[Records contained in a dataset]
----------------
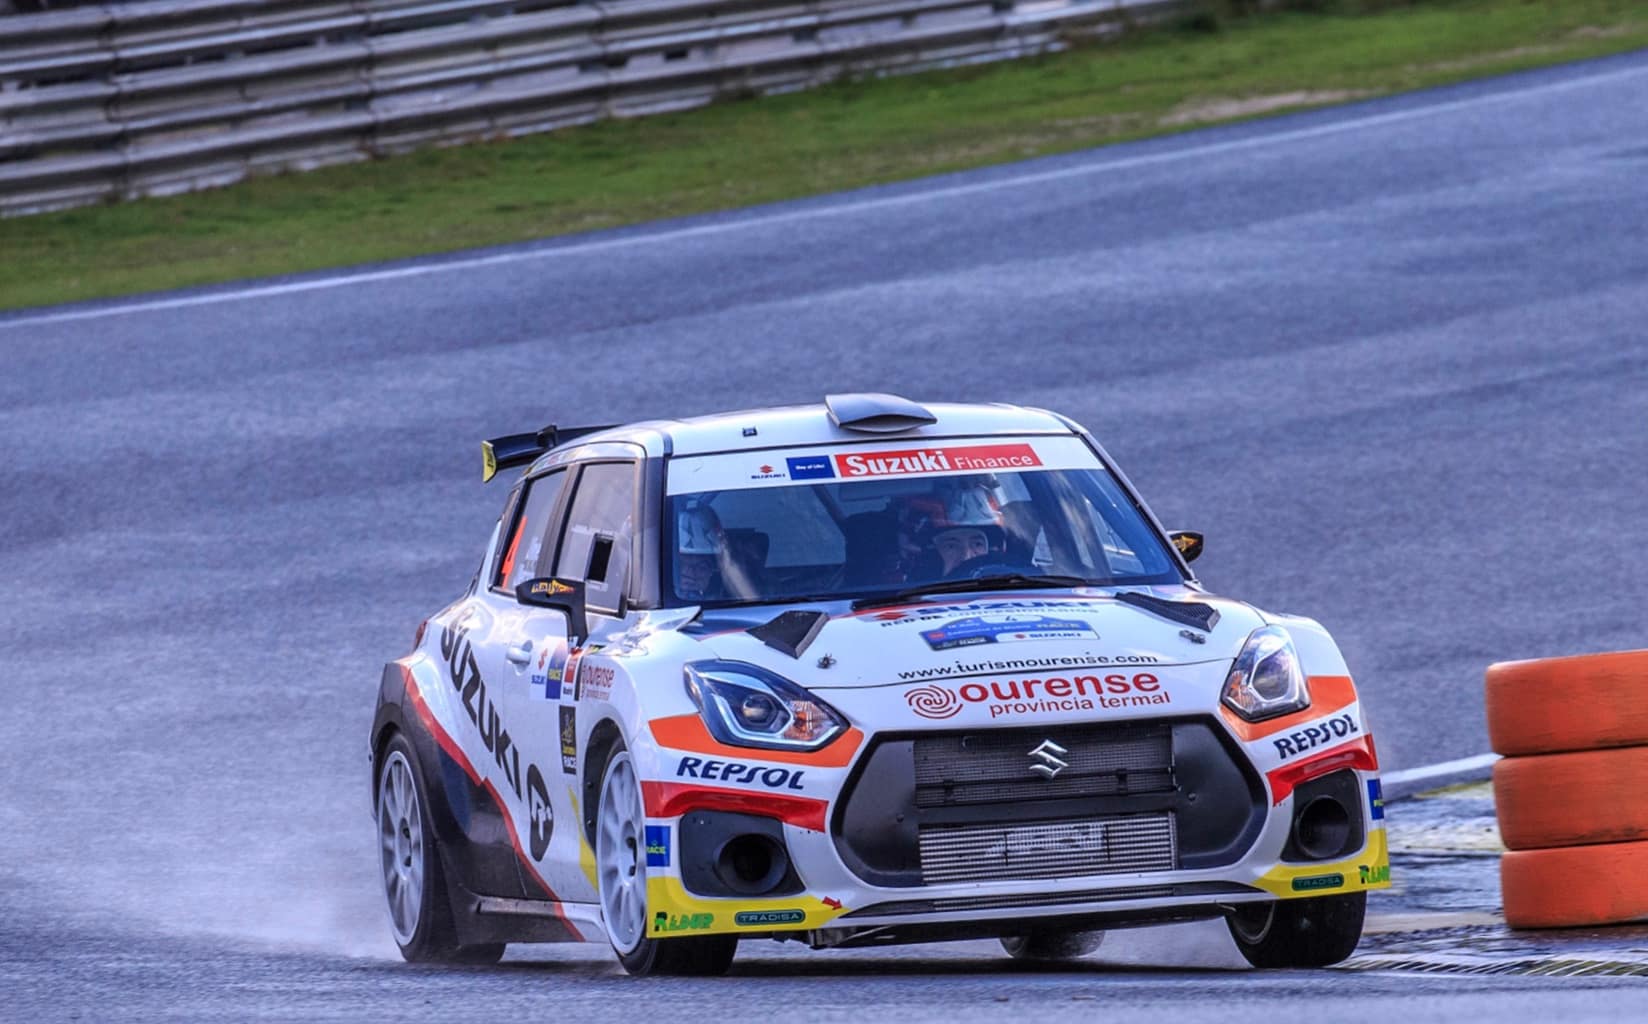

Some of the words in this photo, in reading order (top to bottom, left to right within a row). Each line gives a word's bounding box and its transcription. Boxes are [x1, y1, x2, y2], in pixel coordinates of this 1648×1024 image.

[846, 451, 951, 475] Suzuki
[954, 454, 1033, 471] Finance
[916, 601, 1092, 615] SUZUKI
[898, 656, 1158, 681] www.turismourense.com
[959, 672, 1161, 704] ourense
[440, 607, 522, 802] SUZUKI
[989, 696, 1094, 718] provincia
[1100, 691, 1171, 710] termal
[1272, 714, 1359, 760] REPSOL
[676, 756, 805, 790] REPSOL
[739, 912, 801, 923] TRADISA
----------------
▸ **WHAT NEEDS TO BE DONE**
Please copy the data shown above word for word, omitting the pictures.

▸ **REPLY TO THE TASK**
Some of the words in this photo, in reading order (top to bottom, left to right within a row). Each line gives a word's bounding box and its transcription. Boxes are [x1, y1, x2, y2], in pixel coordinates of this 1648×1024 image.

[846, 451, 951, 475] Suzuki
[954, 454, 1033, 471] Finance
[916, 601, 1092, 615] SUZUKI
[898, 656, 1158, 681] www.turismourense.com
[959, 672, 1161, 704] ourense
[440, 607, 522, 802] SUZUKI
[989, 696, 1094, 718] provincia
[1100, 691, 1171, 710] termal
[1272, 714, 1359, 760] REPSOL
[676, 756, 805, 790] REPSOL
[739, 912, 801, 923] TRADISA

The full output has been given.